EXERCISE DATA START
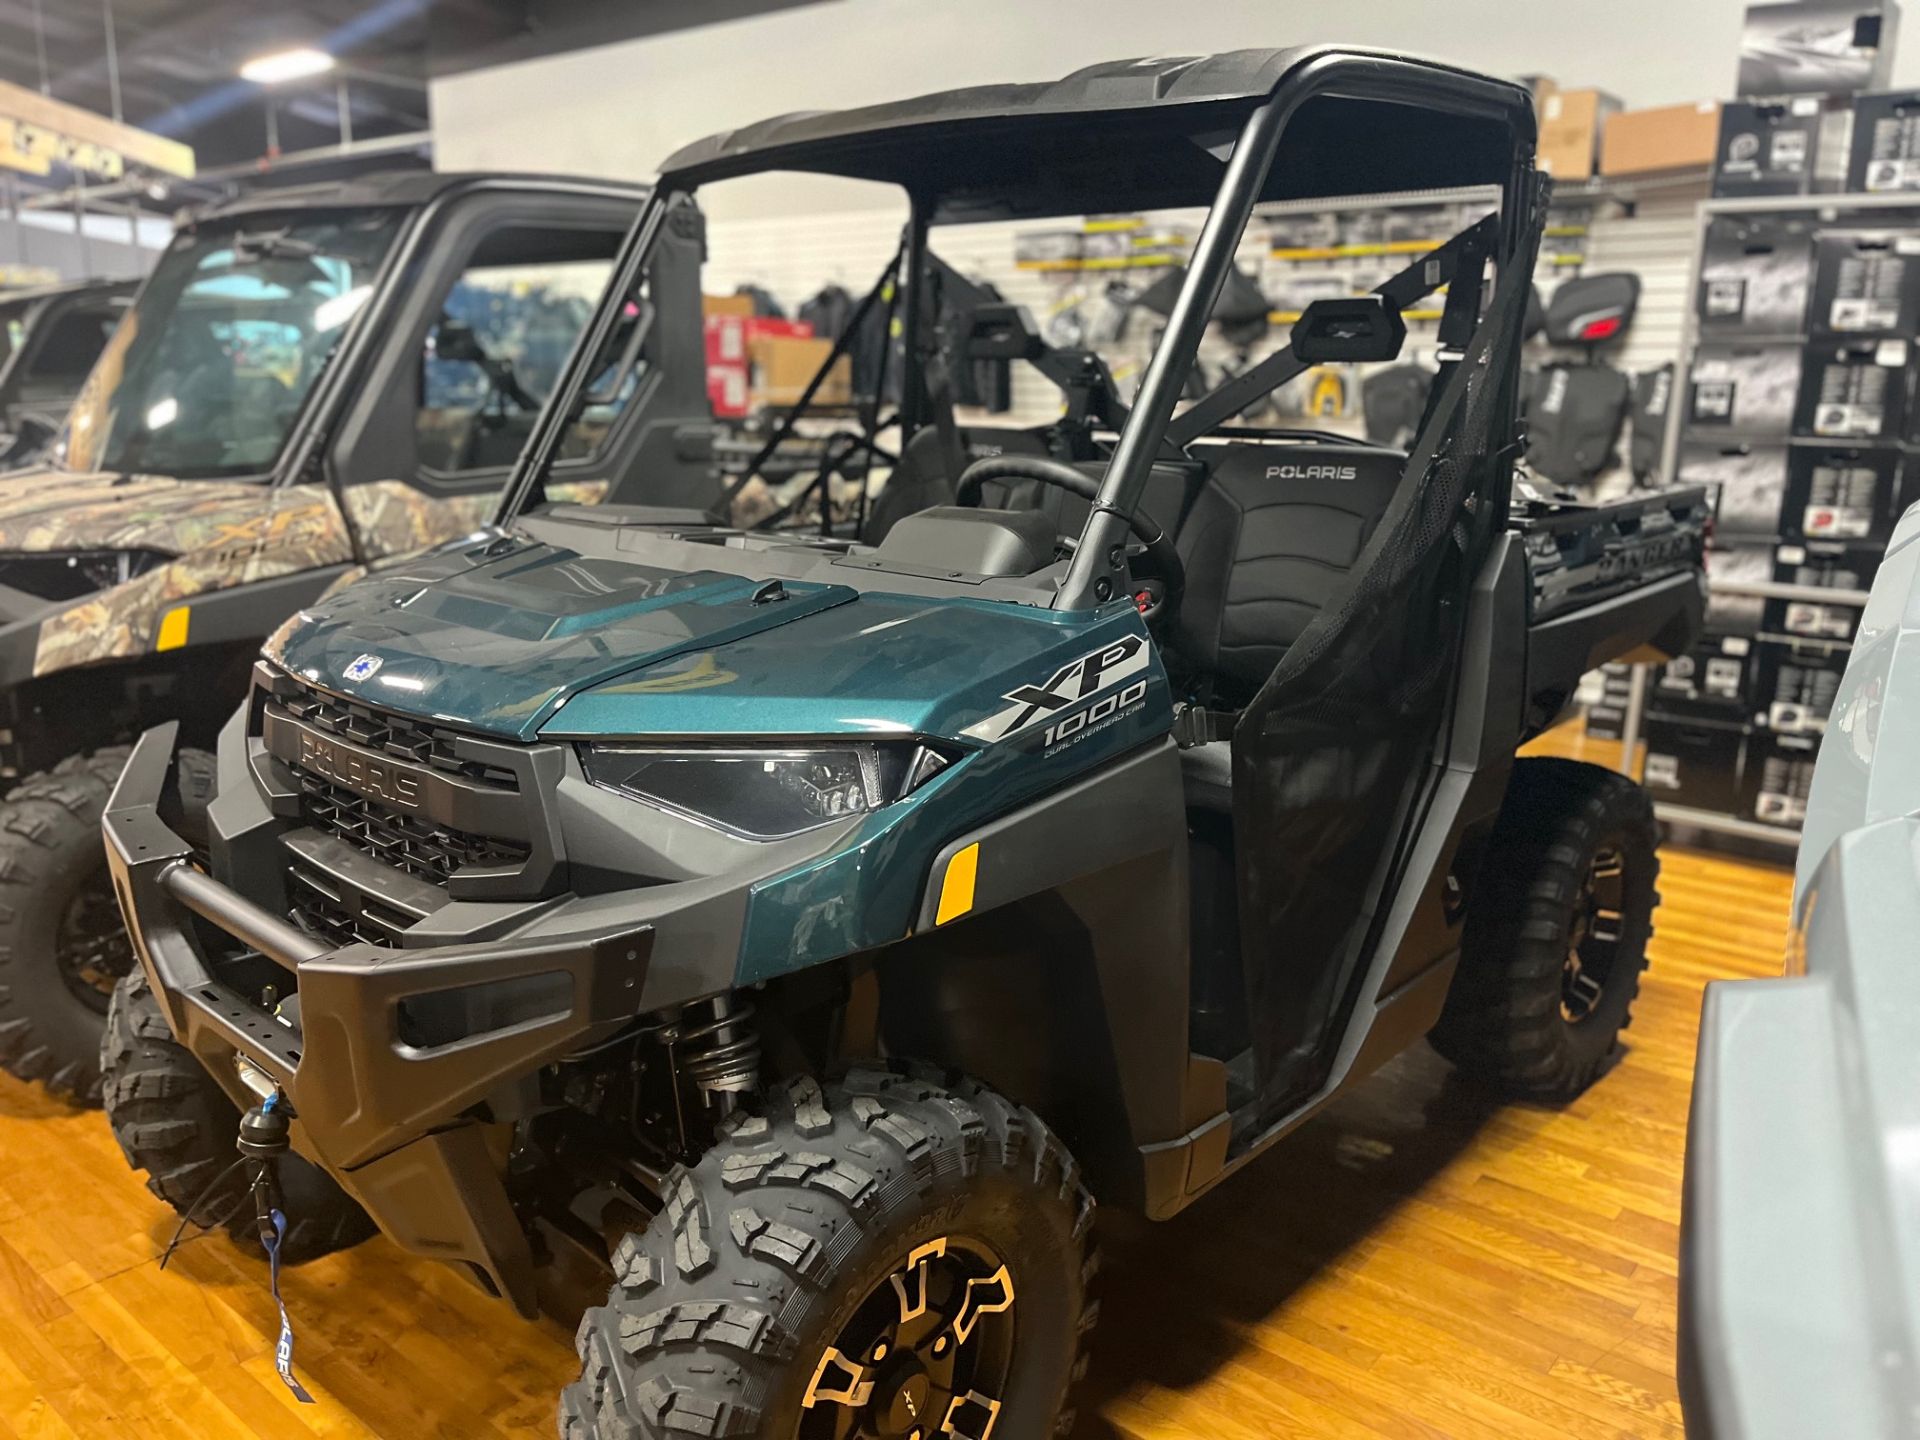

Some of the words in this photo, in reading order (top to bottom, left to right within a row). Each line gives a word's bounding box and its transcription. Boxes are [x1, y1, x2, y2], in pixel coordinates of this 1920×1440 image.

[1265, 465, 1357, 480] POLARIS
[997, 633, 1144, 740] XP
[1044, 679, 1147, 747] 1000
[301, 731, 420, 808] POLARIS
[903, 1390, 916, 1417] XP
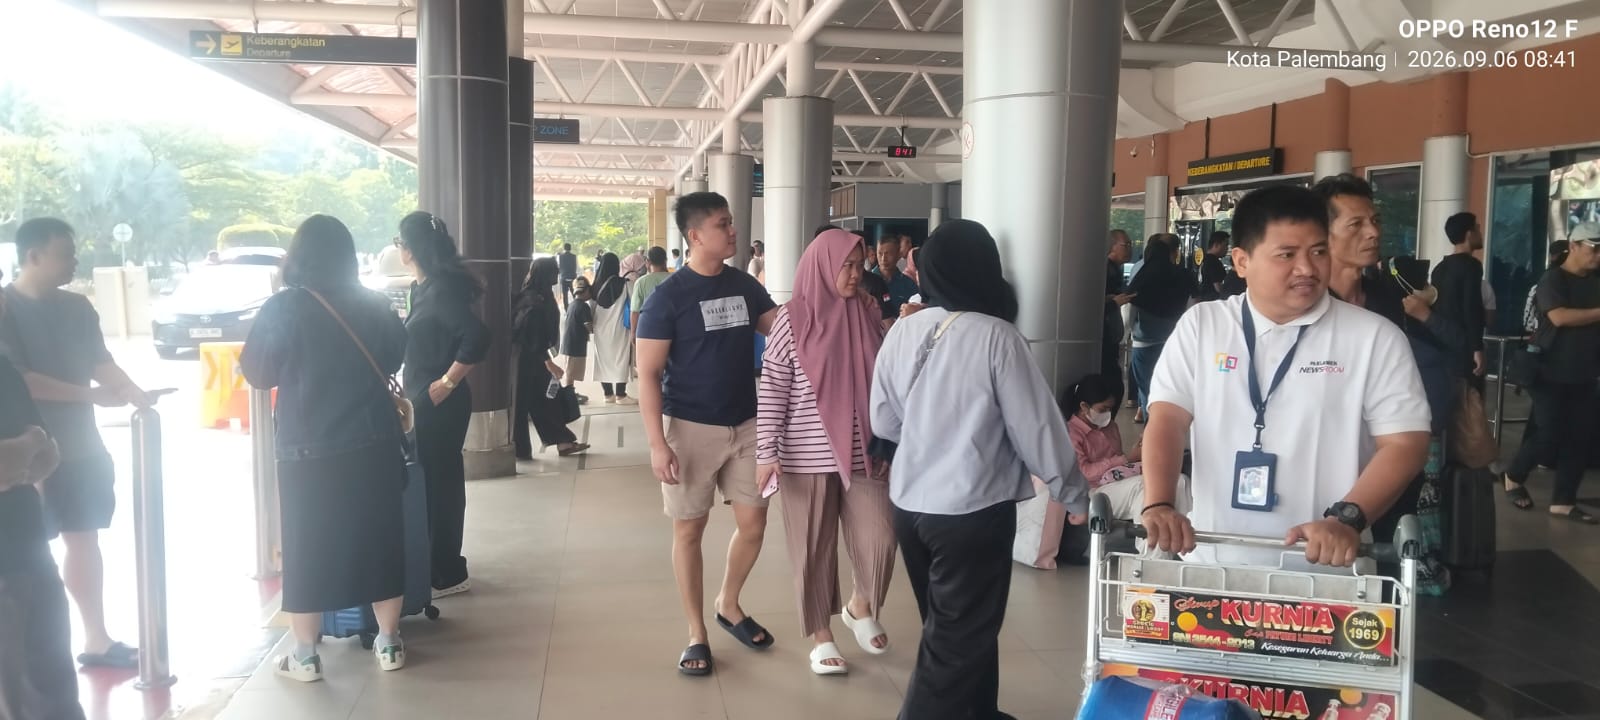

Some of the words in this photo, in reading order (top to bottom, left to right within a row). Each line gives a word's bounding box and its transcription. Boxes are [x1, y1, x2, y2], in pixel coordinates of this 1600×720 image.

[246, 35, 325, 48] Keberangkatan
[246, 48, 291, 58] Departure
[539, 125, 569, 135] ZONE
[1188, 161, 1233, 177] KEBERANGKATAN
[1236, 156, 1271, 170] DEPARTURE
[1299, 366, 1345, 374] NEWSROOM
[1220, 598, 1335, 634] KURNIA
[1352, 617, 1378, 628] Sejak
[1349, 627, 1380, 641] 1969
[1260, 642, 1310, 656] Kesegaran
[1310, 646, 1353, 659] Keluarga
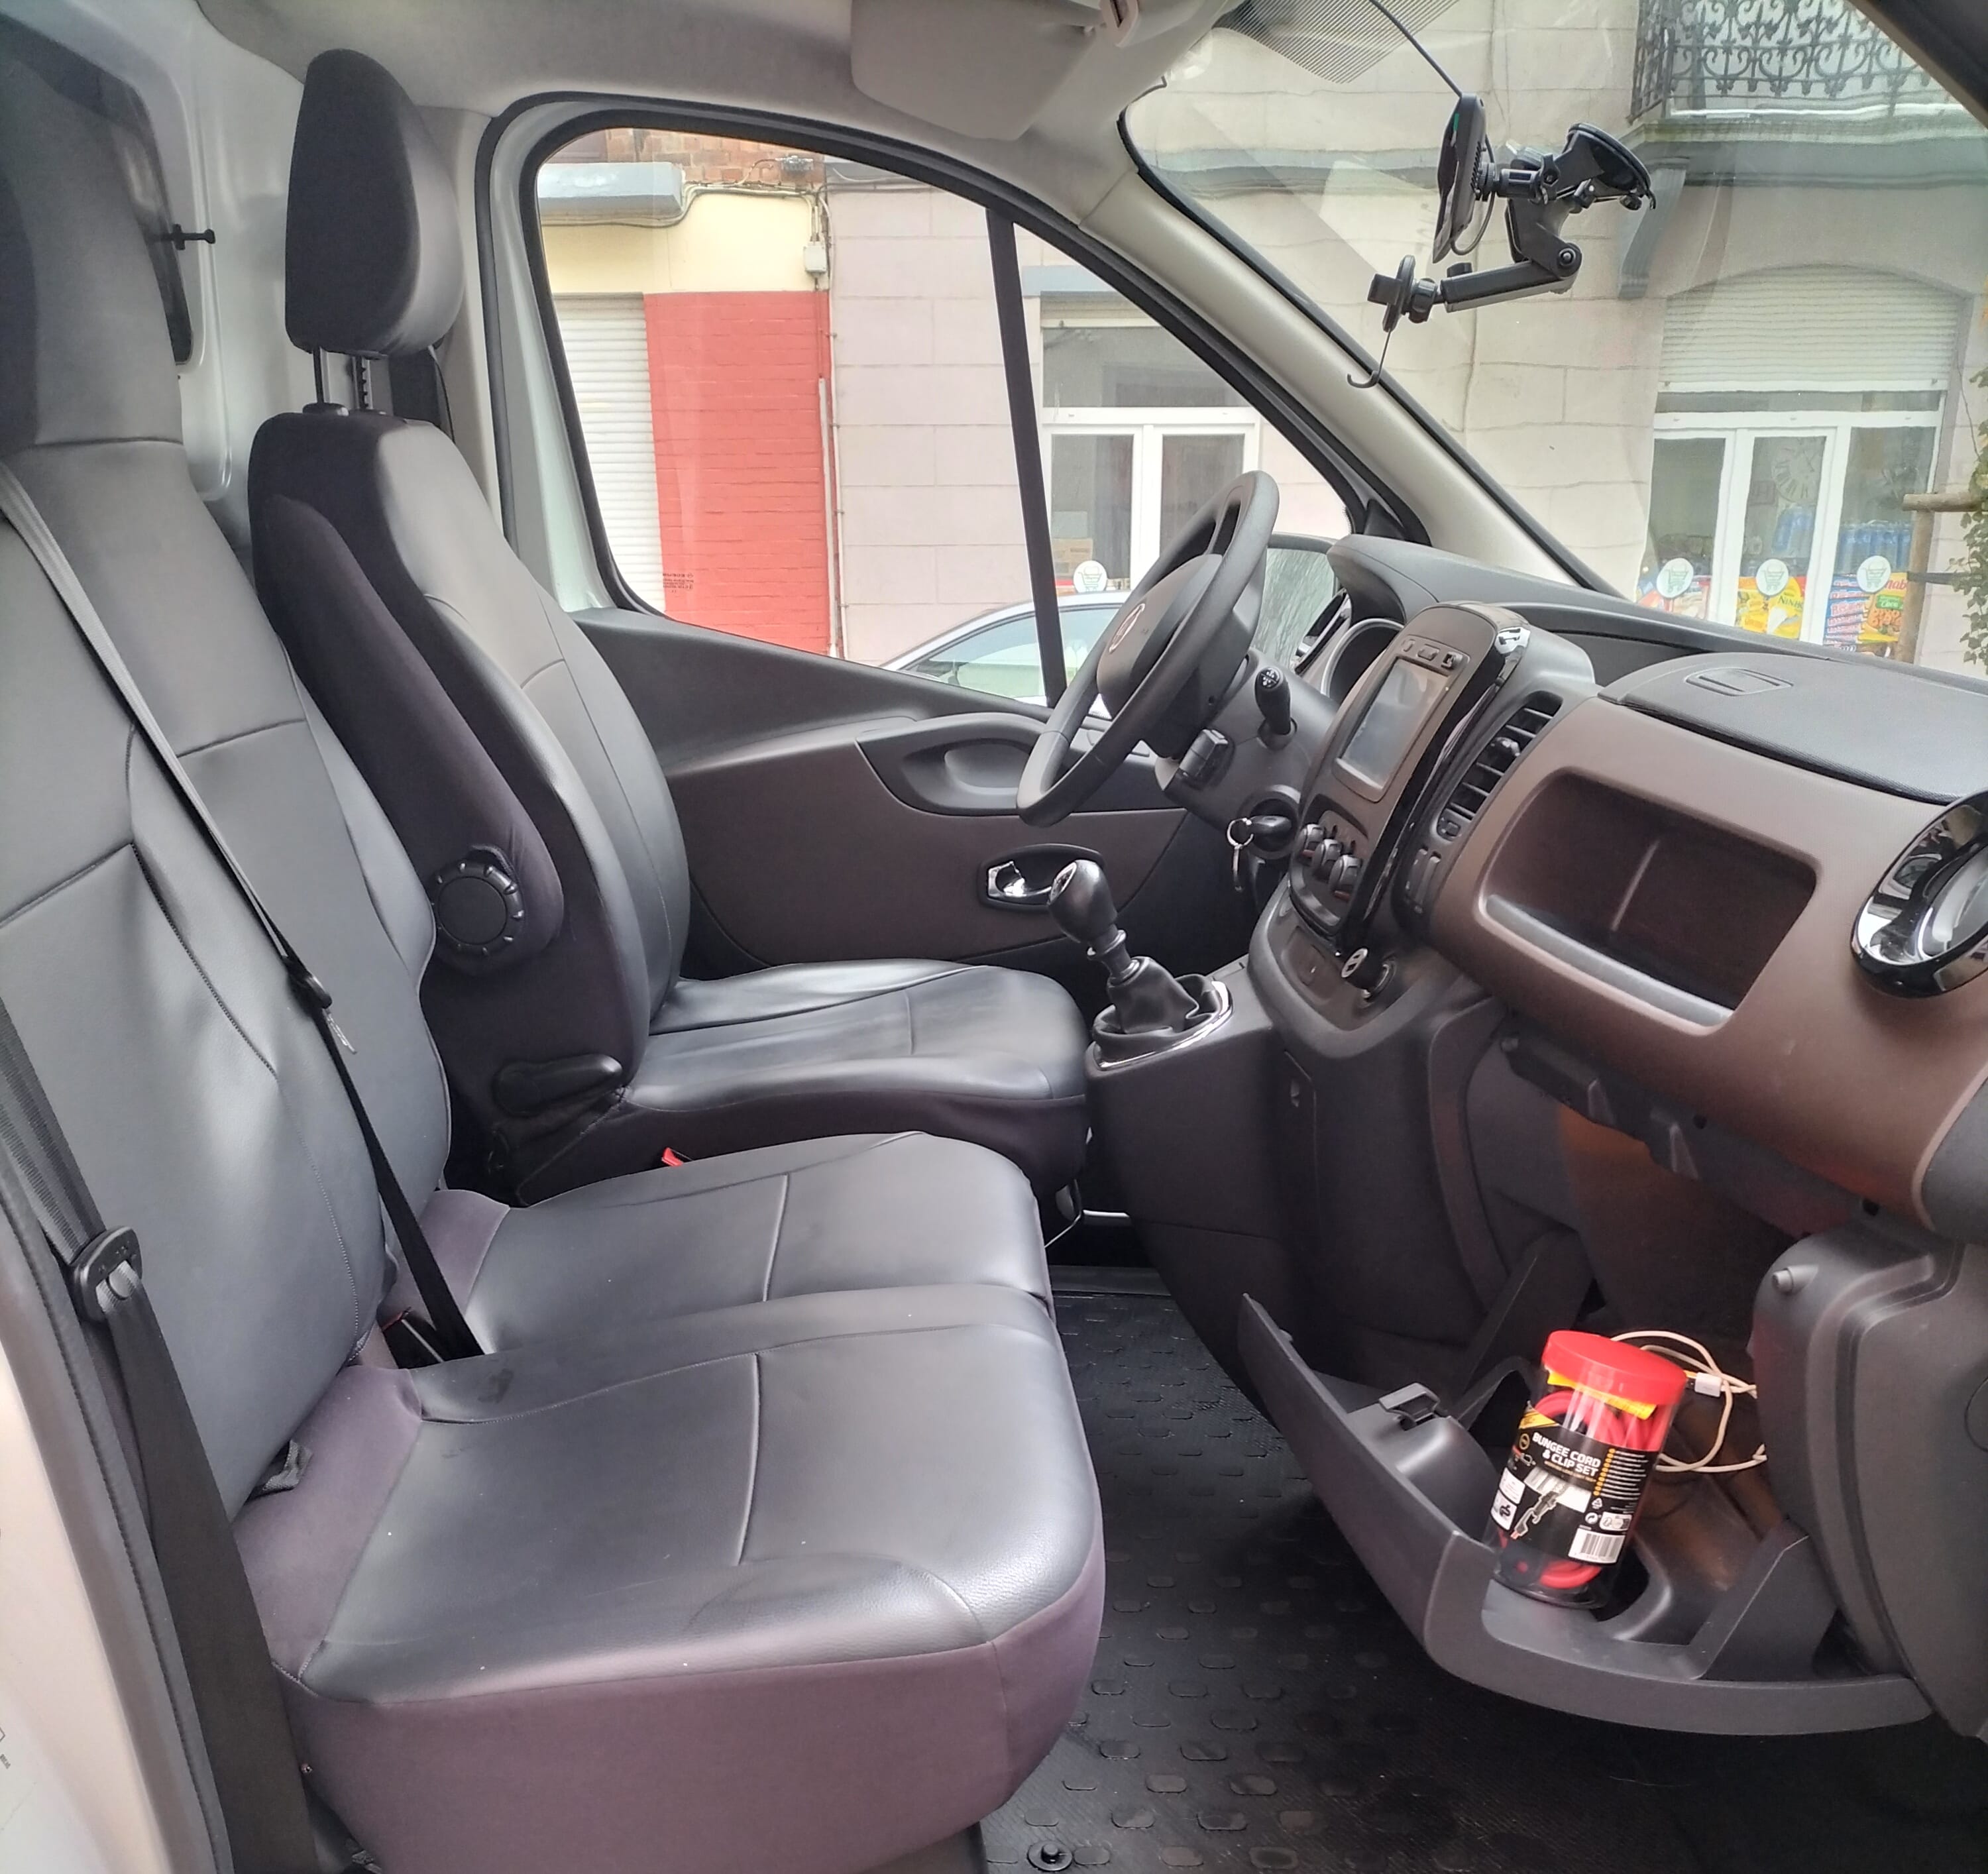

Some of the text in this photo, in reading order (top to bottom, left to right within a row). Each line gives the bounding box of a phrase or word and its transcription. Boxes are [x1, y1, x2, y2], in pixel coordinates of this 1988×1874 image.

[1532, 1432, 1601, 1468] BUNGEE CORD
[1542, 1449, 1551, 1459] &
[1551, 1453, 1575, 1468] CLIP
[1574, 1463, 1599, 1476] SET
EXERCISE DATA END
**EXERCISE GOAL:** Your response should consist solely of the lines from the one containing "Some of the text" to the end of the entries, both ends included, exactly as they appear.

**COMPLETED TASK:**
Some of the text in this photo, in reading order (top to bottom, left to right within a row). Each line gives the bounding box of a phrase or word and its transcription. Boxes are [x1, y1, x2, y2], in pixel coordinates of this 1988×1874 image.

[1532, 1432, 1601, 1468] BUNGEE CORD
[1542, 1449, 1551, 1459] &
[1551, 1453, 1575, 1468] CLIP
[1574, 1463, 1599, 1476] SET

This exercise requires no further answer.